• EXERCISE DETAILS:
The records below are to be written out again, exactly as they appear.

• AVAILABLE RECORDS:
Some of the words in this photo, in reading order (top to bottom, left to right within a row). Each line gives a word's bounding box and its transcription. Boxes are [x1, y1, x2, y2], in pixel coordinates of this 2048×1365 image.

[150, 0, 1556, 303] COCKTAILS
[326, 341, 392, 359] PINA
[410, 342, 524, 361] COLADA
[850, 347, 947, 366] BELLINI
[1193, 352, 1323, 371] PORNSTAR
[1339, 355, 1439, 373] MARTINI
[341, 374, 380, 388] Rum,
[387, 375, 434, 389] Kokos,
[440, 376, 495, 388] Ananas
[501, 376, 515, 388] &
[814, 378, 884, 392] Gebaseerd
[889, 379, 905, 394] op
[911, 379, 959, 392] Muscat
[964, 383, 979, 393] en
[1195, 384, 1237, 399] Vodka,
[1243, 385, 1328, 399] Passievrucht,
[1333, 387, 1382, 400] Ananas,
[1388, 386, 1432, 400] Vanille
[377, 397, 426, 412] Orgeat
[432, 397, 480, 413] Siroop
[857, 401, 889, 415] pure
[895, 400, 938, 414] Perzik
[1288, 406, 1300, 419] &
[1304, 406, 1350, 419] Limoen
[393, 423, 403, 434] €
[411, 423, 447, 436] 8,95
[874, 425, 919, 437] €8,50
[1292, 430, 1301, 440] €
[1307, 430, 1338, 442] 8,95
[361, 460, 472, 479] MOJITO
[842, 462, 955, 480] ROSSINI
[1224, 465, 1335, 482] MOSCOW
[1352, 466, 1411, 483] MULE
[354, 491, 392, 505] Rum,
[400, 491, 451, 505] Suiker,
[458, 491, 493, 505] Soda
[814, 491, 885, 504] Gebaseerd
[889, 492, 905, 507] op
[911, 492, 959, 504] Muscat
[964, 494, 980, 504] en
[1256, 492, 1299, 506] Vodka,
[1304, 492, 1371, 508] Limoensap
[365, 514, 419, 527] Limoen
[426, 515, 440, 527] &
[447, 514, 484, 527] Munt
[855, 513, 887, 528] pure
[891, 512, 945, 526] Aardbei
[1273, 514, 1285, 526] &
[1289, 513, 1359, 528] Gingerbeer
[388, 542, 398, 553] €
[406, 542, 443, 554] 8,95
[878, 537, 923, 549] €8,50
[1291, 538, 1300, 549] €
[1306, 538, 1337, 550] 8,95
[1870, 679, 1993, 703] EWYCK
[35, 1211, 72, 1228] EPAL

• TASK ANSWER:
Some of the words in this photo, in reading order (top to bottom, left to right within a row). Each line gives a word's bounding box and its transcription. Boxes are [x1, y1, x2, y2], in pixel coordinates of this 2048×1365 image.

[150, 0, 1556, 303] COCKTAILS
[326, 341, 392, 359] PINA
[410, 342, 524, 361] COLADA
[850, 347, 947, 366] BELLINI
[1193, 352, 1323, 371] PORNSTAR
[1339, 355, 1439, 373] MARTINI
[341, 374, 380, 388] Rum,
[387, 375, 434, 389] Kokos,
[440, 376, 495, 388] Ananas
[501, 376, 515, 388] &
[814, 378, 884, 392] Gebaseerd
[889, 379, 905, 394] op
[911, 379, 959, 392] Muscat
[964, 383, 979, 393] en
[1195, 384, 1237, 399] Vodka,
[1243, 385, 1328, 399] Passievrucht,
[1333, 387, 1382, 400] Ananas,
[1388, 386, 1432, 400] Vanille
[377, 397, 426, 412] Orgeat
[432, 397, 480, 413] Siroop
[857, 401, 889, 415] pure
[895, 400, 938, 414] Perzik
[1288, 406, 1300, 419] &
[1304, 406, 1350, 419] Limoen
[393, 423, 403, 434] €
[411, 423, 447, 436] 8,95
[874, 425, 919, 437] €8,50
[1292, 430, 1301, 440] €
[1307, 430, 1338, 442] 8,95
[361, 460, 472, 479] MOJITO
[842, 462, 955, 480] ROSSINI
[1224, 465, 1335, 482] MOSCOW
[1352, 466, 1411, 483] MULE
[354, 491, 392, 505] Rum,
[400, 491, 451, 505] Suiker,
[458, 491, 493, 505] Soda
[814, 491, 885, 504] Gebaseerd
[889, 492, 905, 507] op
[911, 492, 959, 504] Muscat
[964, 494, 980, 504] en
[1256, 492, 1299, 506] Vodka,
[1304, 492, 1371, 508] Limoensap
[365, 514, 419, 527] Limoen
[426, 515, 440, 527] &
[447, 514, 484, 527] Munt
[855, 513, 887, 528] pure
[891, 512, 945, 526] Aardbei
[1273, 514, 1285, 526] &
[1289, 513, 1359, 528] Gingerbeer
[388, 542, 398, 553] €
[406, 542, 443, 554] 8,95
[878, 537, 923, 549] €8,50
[1291, 538, 1300, 549] €
[1306, 538, 1337, 550] 8,95
[1870, 679, 1993, 703] EWYCK
[35, 1211, 72, 1228] EPAL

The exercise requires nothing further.